Su ricorso del Pubblico ministero ex art. 330 cod. civ. il Tribunale per i minorenni di Torino disponeva l’inserimento di M. N. – nato il (OMISSIS), da genitori tossicodipendenti privi di un’occupazione stabile – presso una famiglia affidataria, dopo le dimissioni dall’ospedale dov’era stato partorito.

Il P.M. presentava poi ricorso per la dichiarazione dello stato di adottabilità e il tribunale per i minorenni provvedeva all’affidamento ad una famiglia provvista dei requisiti per l’eventuale adozione; con sospensione sia degli incontri tra il minore ed i genitori e parenti, sia della potestà genitoriale e con nomina di un tutore provvisorio.

Con provvedimento del 3 giugno 2008 la Corte d’appello di Torino revocava la sospensione della potestà genitoriale e ripristinava gli incontri in luogo neutro.

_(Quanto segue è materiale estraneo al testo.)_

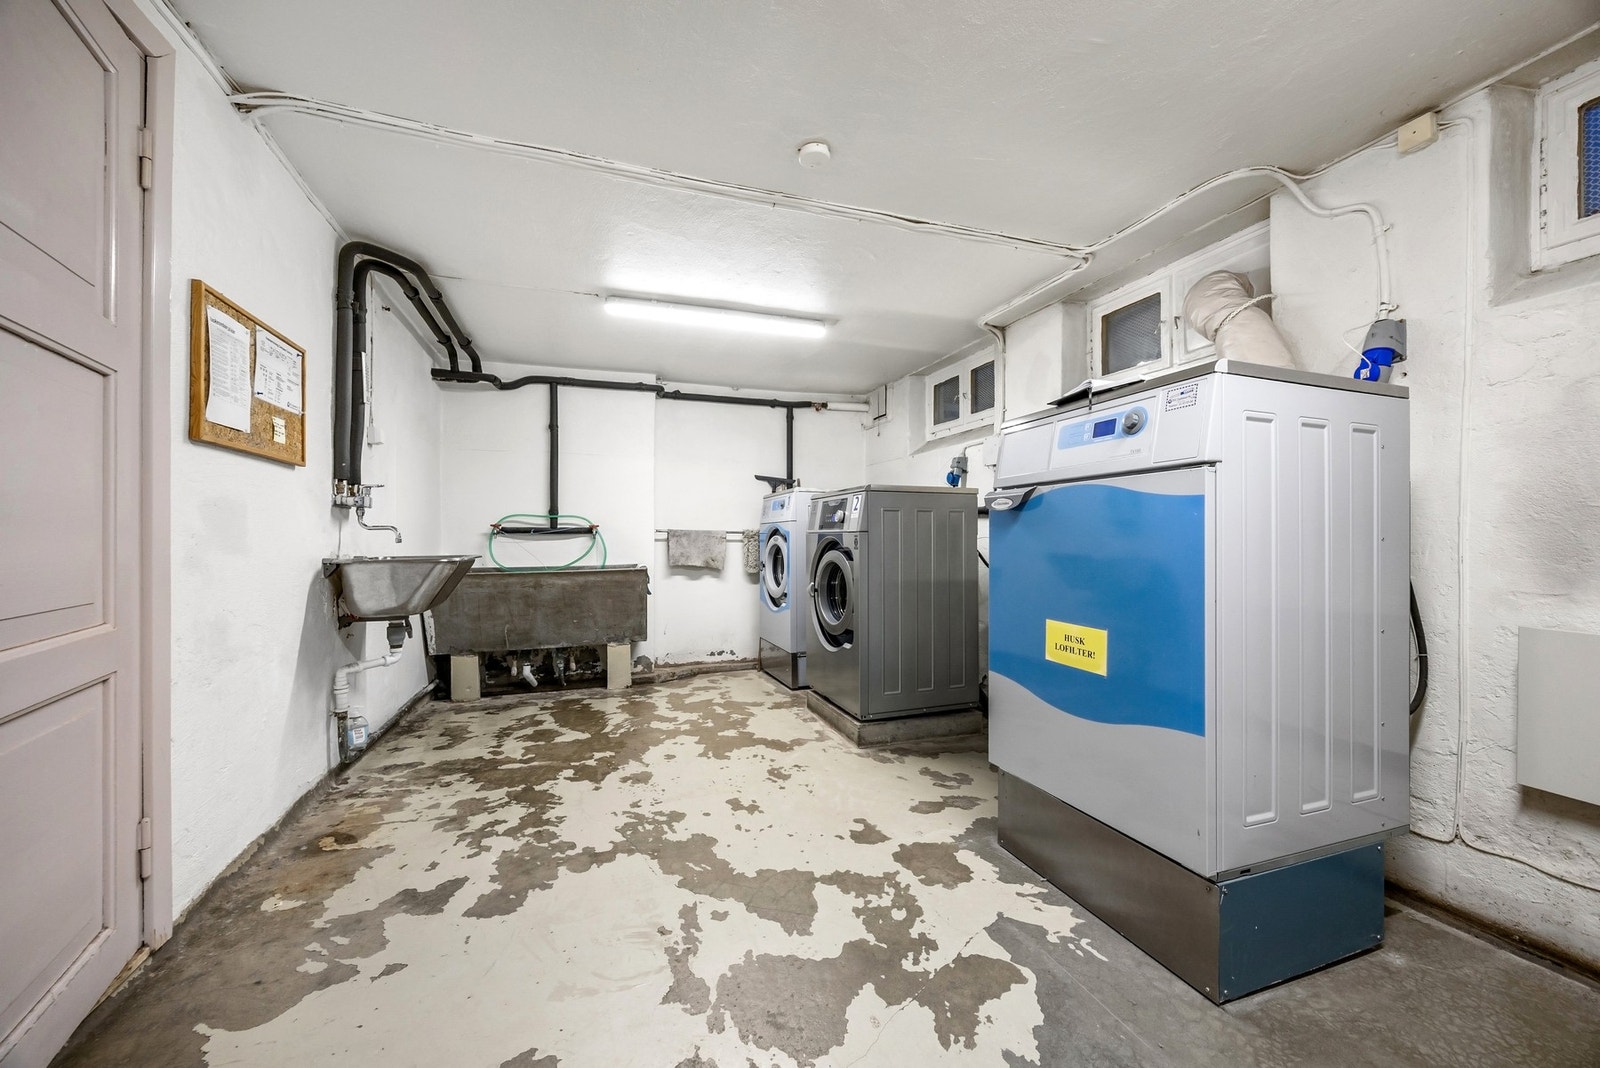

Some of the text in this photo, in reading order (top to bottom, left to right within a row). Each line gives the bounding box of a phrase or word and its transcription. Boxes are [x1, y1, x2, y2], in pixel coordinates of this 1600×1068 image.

[853, 496, 860, 511] 2
[1064, 634, 1085, 646] HUSK
[1055, 643, 1096, 659] LOFILTER!

In data 8 ottobre 2008, il Tribunale per i minorenni di Torino respingeva i ricorsi per l’affidamento del minore proposti dagli zii materni, nonchè dalla cugina paterna e da suo marito; e con sentenza 4 maggio 2010 dichiarava lo stato di adottabilità, disponendo che il minore rimanesse nella famiglia cui era stato affidato, con interruzione dei rapporti con i genitori ed i parenti.

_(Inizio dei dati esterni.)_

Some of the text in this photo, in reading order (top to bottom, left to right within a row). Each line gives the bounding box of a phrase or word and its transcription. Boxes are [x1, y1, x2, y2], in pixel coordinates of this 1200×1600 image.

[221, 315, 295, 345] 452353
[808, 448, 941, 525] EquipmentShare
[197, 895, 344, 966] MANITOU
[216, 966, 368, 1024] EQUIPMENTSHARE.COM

Il successivo gravame era rigettato dalla Corte d’appello di Torino – sezione per i minorenni con sentenza 29 giugno 2011.

La corte territoriale motivava:

– che i genitori naturali non avevano proposto appello avverso la decisione di primo grado ed era comunque indubbia la loro incapacità ad occuparsi del bambino;

– che la zia materna F.I. ed il di lei marito U. V. non avevano mai avuto rapporti significativi con il minore, nè si erano attivati per richiedere l’autorizzazione alle visite;

– che la nonna paterna, I.G., pur apparendo capace di rispondere alle esigenze di cura materiale del bambino, non era altrettanto idonea al suo accudimento morale, in considerazione sia dell’età piuttosto avanzata, sia dei rapporti tesi con il proprio figlio, padre naturale del piccolo N.: tali da suscitare preoccupazioni sulla capacità di assolvere un ruolo protettivo da eventuali interferenze degli stessi genitori, affetti da gravi problematiche di dipendenza dalla droga;

– che analoga valutazione doveva farsi del coniuge della I., pur sicuramente affezionato al minore;

– che, infine, anche lo zio paterno appariva del tutto inadatto, privo com’era di un nucleo familiare proprio e di adeguata capacità di occuparsi delle esigenze del minore.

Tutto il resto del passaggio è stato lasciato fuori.